The Weather Prophets were one of the least heralded bands to record for Creation in the '80s, maybe because they jumped to the short-lived Creation-fed/Warner Bros.-financed Elevation imprint, or maybe because they didn't overflow with flash like the Primals or mess with heads like My Bloody Valentine. They just played their straightforward indie pop songs with a minimum of fuss and left the scene, doomed to be forgotten and undervalued. Chief songwriter/vocalist Pete Astor wrote and played at a level just below Lloyd Cole and Edwyn Collins, the band was proficient but not inventive, and they had a few hits but no smashes — just the kind of band that is due for a second look through the rose-colored microscope of nostalgia. Blue Skies & Free Rides: The Best of 1986-1989 is a 20-track collection of their finest singles and album tracks that gives indie poppers a chance to do some rediscovery. In 2004 the tunes sound fresh and uncluttered. The best of the bunch, like "Almost Prayed," "Always the Light," "You're My Ambulance," "In My Room," and "Your Heartbeat Breathes the Life into Me," are simple songs with a big heart and a clever knack for turning a phrase. Astor has a wonderfully conversational voice, occasionally capable of breaking your heart, as on the acoustic "She Comes from the Rain." If you missed out on them the first time, you should take a chance on them. If you like smart, hooky guitar pop, you won't be disappointed. If you were there at the time and have forgotten just how good the Weather Prophets were, shame on you. As penance, you need to get this disc and remember. Thank Cherry Red for giving you the chance at redemption.

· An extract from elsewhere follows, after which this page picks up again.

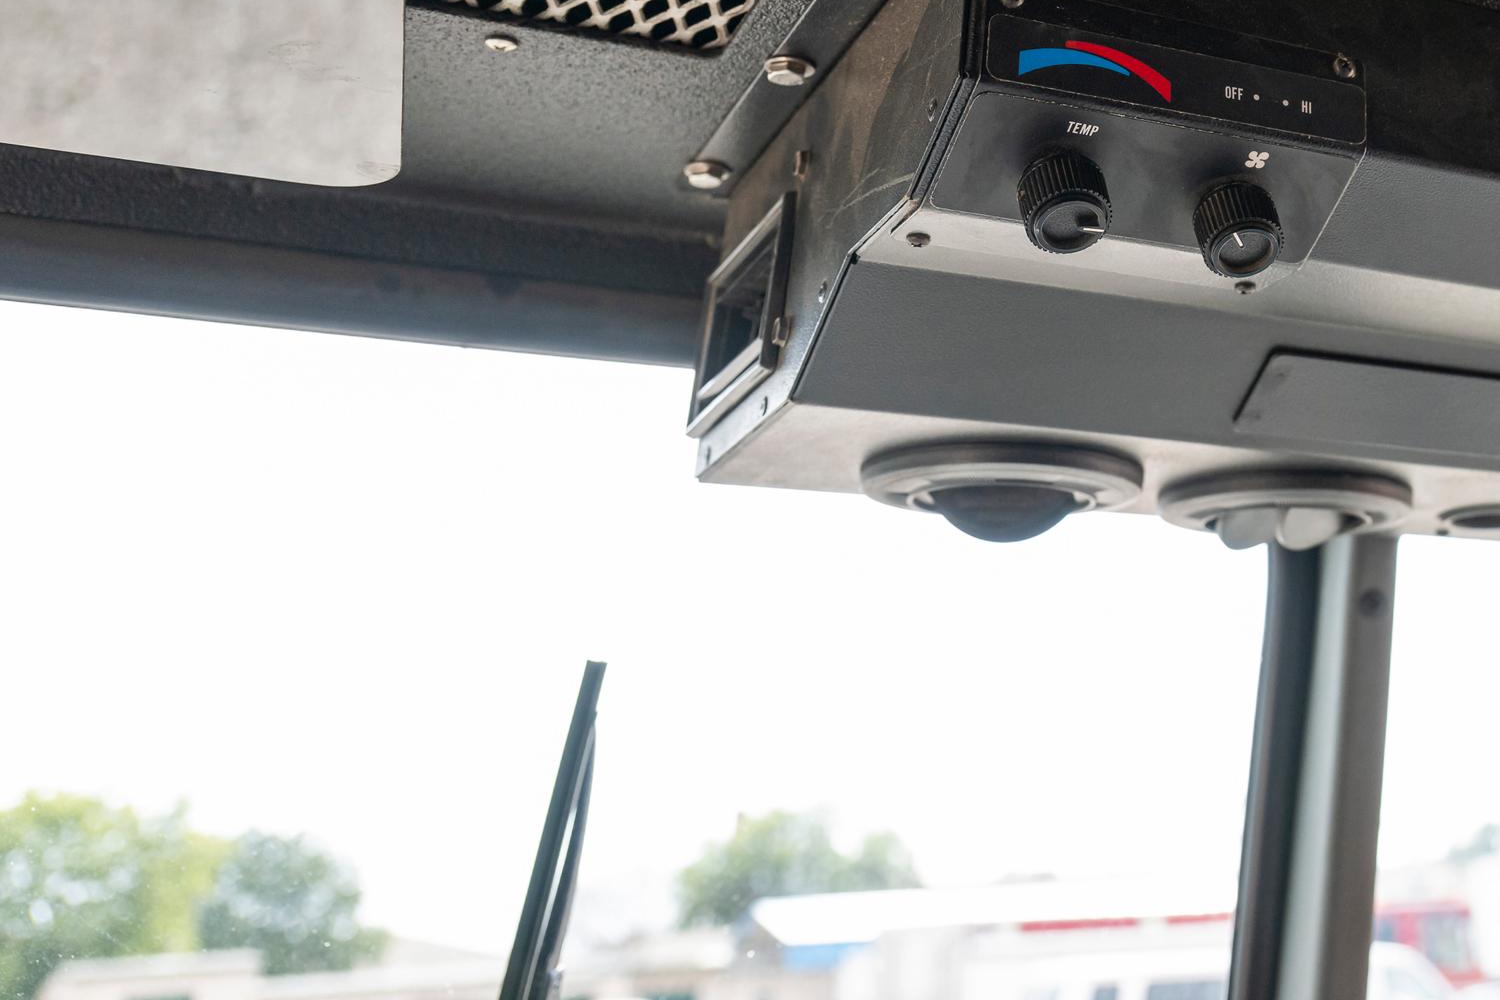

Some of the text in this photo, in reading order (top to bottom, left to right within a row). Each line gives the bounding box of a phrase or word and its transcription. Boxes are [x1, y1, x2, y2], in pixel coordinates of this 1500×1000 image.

Formed: 1985 in London, England

Genre: Pop

Years Active: '80s

Guitarist/vocalist Peter Astor and drummer Dave Morgan formed the jangly Weather Prophets directly after their previous band, the Loft, split in 1985. Astor had been planning his defection from the Loft for some time and was anxious to start anew with more control. The duo had Alan McGee, a friend and major backer of Astor's and the head of their label, Creation, play bass for the first two songs. After that, Astor made a point to find other members for the band who had no role in the indie scene...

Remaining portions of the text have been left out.